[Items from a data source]
____
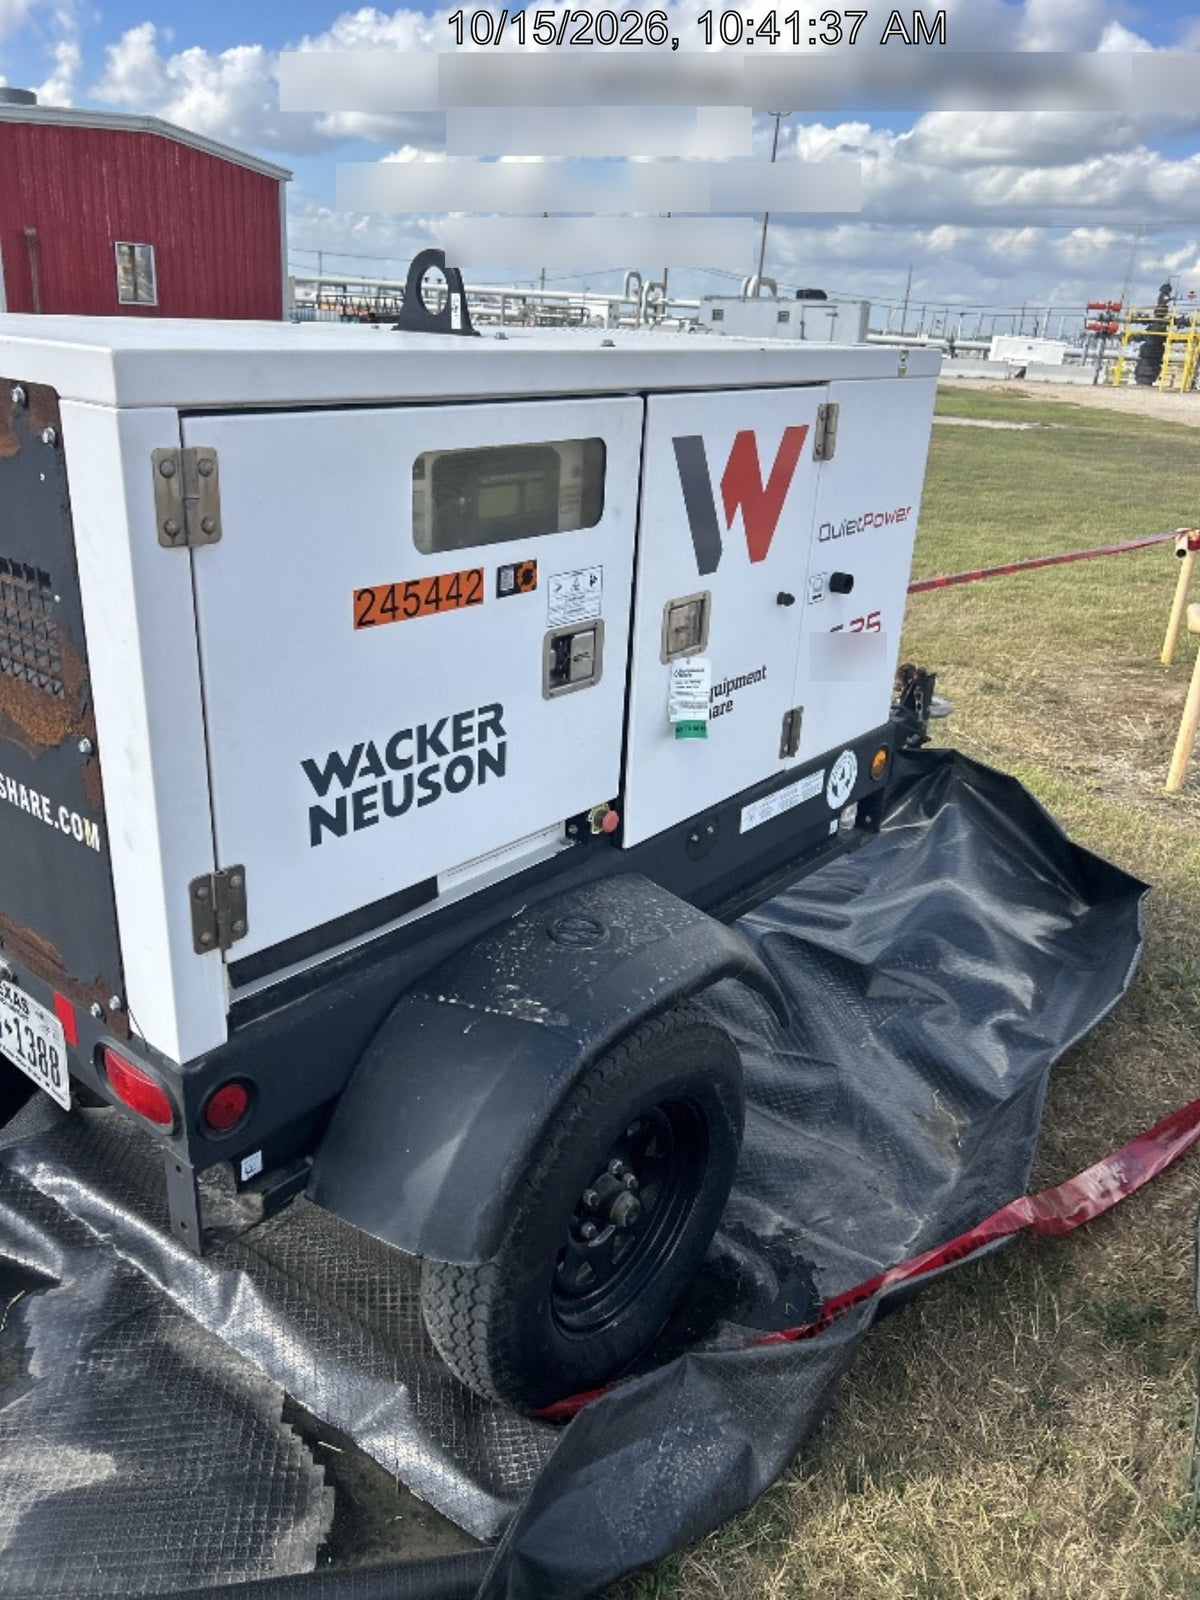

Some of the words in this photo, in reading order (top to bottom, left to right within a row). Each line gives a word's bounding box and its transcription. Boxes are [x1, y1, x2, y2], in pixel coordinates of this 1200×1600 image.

[818, 506, 911, 542] QuietPower
[356, 569, 483, 627] 245442
[300, 702, 507, 797] WACKER
[309, 741, 507, 848] NEUSON
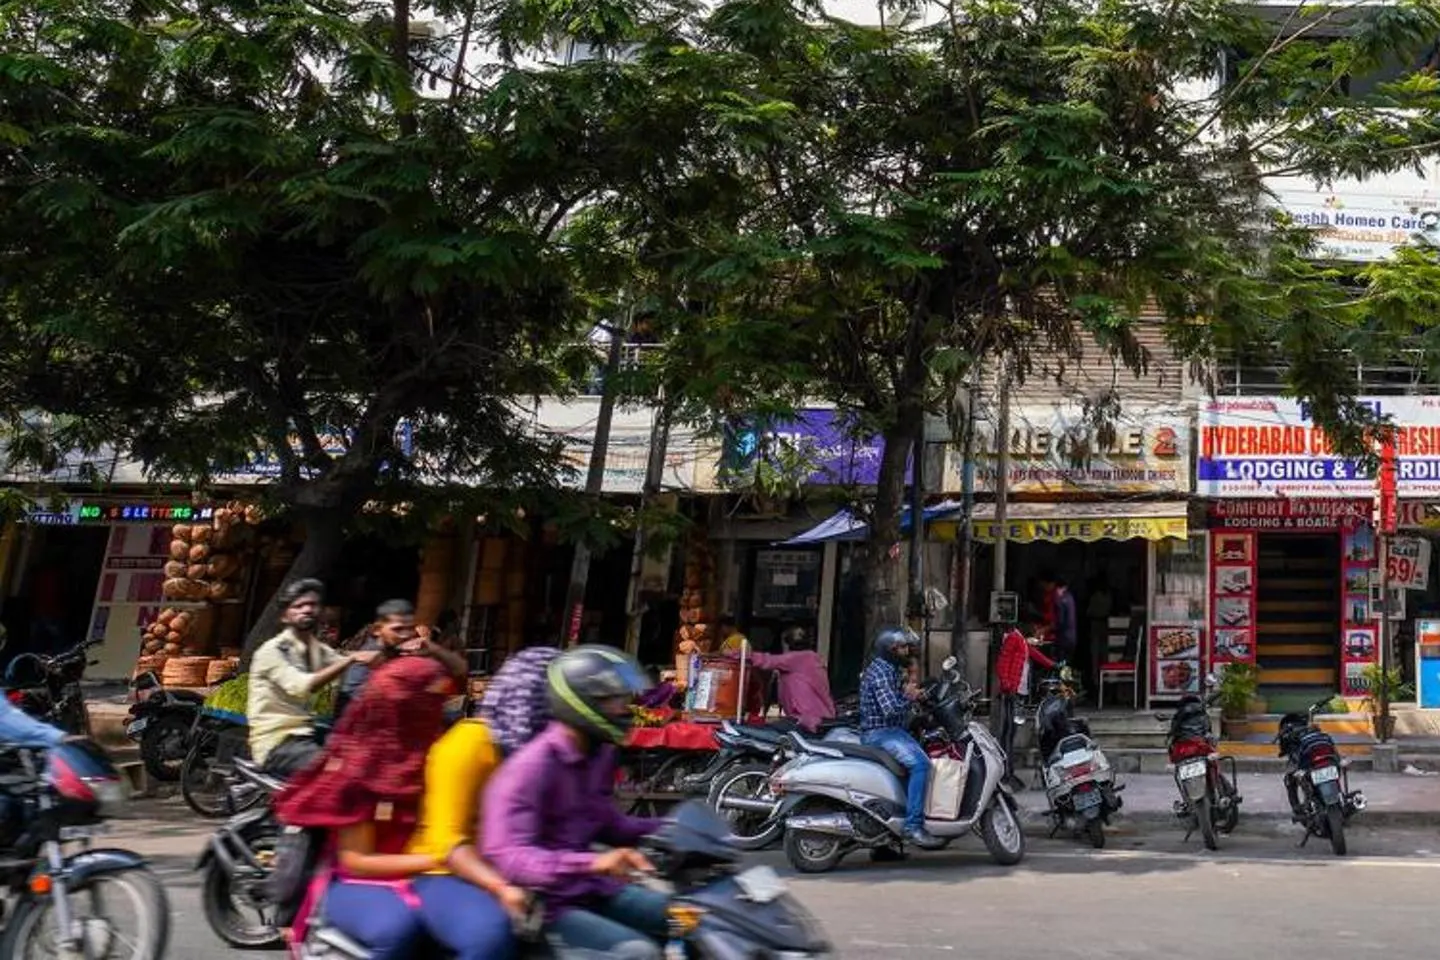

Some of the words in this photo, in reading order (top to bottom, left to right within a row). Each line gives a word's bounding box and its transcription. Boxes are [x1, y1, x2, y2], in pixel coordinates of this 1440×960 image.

[1335, 213, 1386, 228] Homeo
[1391, 216, 1427, 230] Care
[1153, 426, 1177, 457] 2
[1202, 425, 1306, 456] HYDERABAD
[1226, 461, 1325, 479] LODGING
[1331, 461, 1348, 479] &
[80, 506, 100, 517] NO
[1216, 500, 1285, 516] COMFORT
[1035, 523, 1092, 538] NILE
[1103, 523, 1119, 537] 2
[1224, 518, 1281, 528] LODGING
[1284, 518, 1294, 528] &
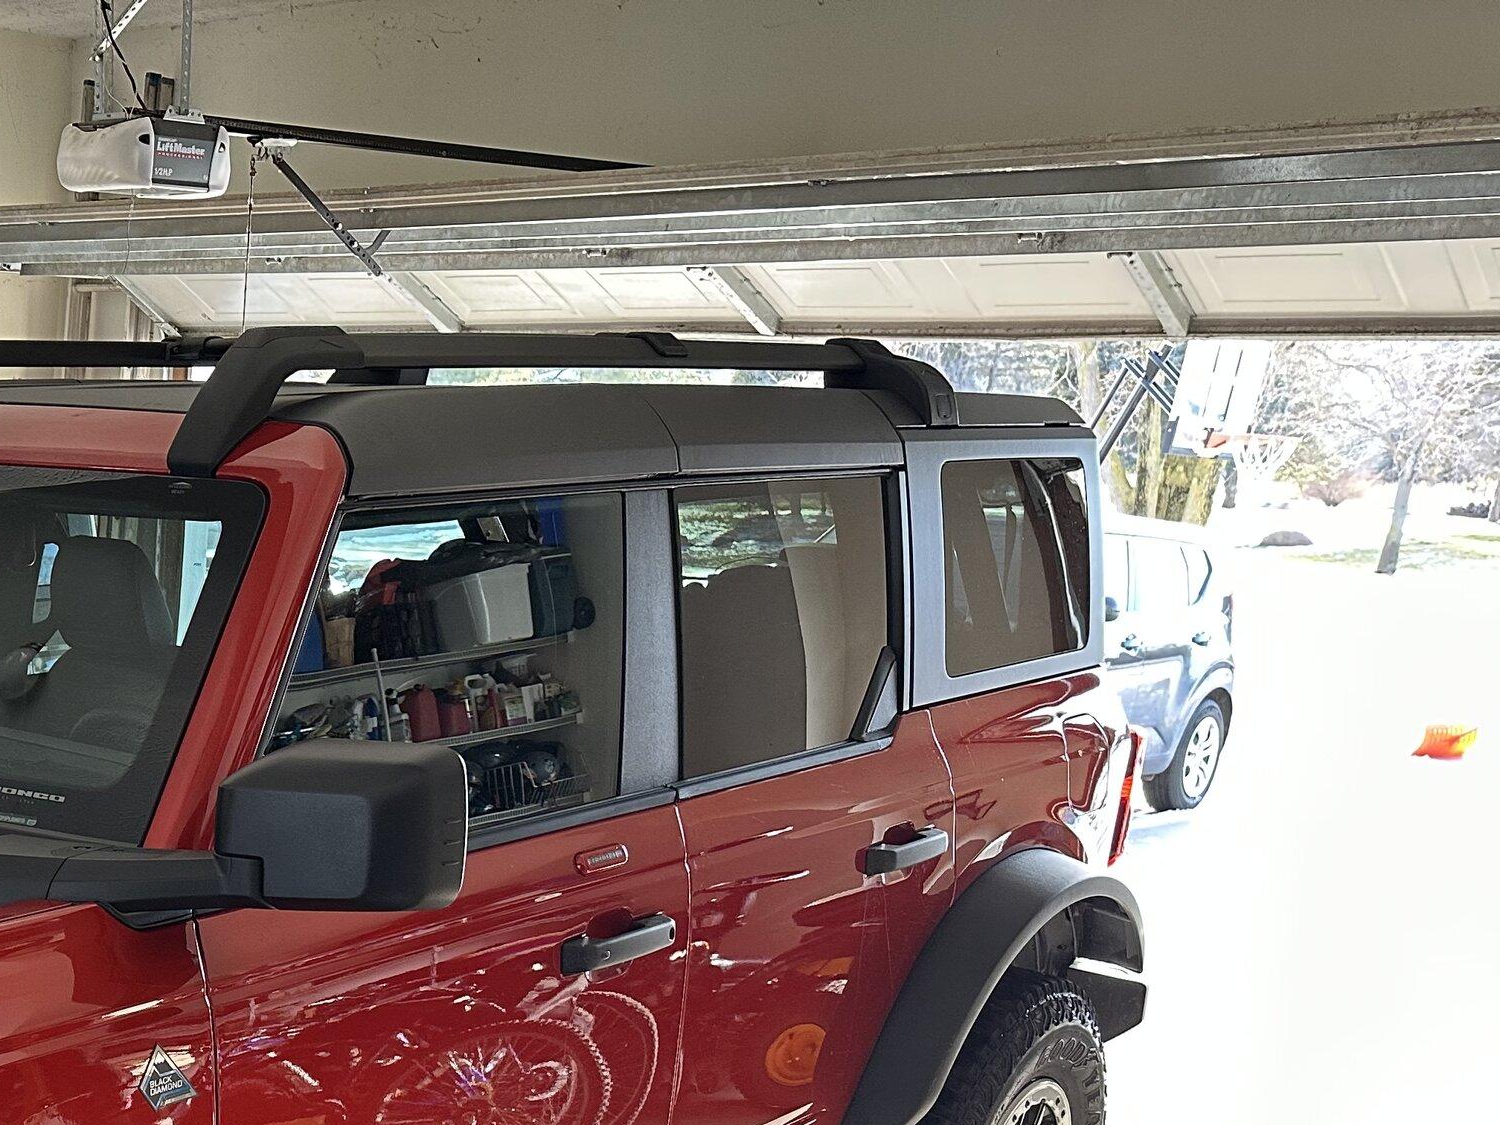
____
WORK REQUEST
Copy every record character for character. Skip the pictures.

ANSWER FOR THE TASK
Some of the words in this photo, in reading order (top to bottom, left to right within a row). Each line gives a word's bounding box and its transcription. Boxes are [x1, y1, x2, y2], in pixel coordinates of this 1200×1600 image.

[818, 506, 911, 542] QuietPower
[356, 569, 483, 627] 245442
[300, 702, 507, 797] WACKER
[309, 741, 507, 848] NEUSON

Some of the words in this photo, in reading order (top to bottom, left to right within a row). Each line gives a word's bounding box and its transcription. Boxes are [x1, y1, x2, y2], in pixel coordinates of this 1440×960 image.

[1335, 213, 1386, 228] Homeo
[1391, 216, 1427, 230] Care
[1153, 426, 1177, 457] 2
[1202, 425, 1306, 456] HYDERABAD
[1226, 461, 1325, 479] LODGING
[1331, 461, 1348, 479] &
[80, 506, 100, 517] NO
[1216, 500, 1285, 516] COMFORT
[1035, 523, 1092, 538] NILE
[1103, 523, 1119, 537] 2
[1224, 518, 1281, 528] LODGING
[1284, 518, 1294, 528] &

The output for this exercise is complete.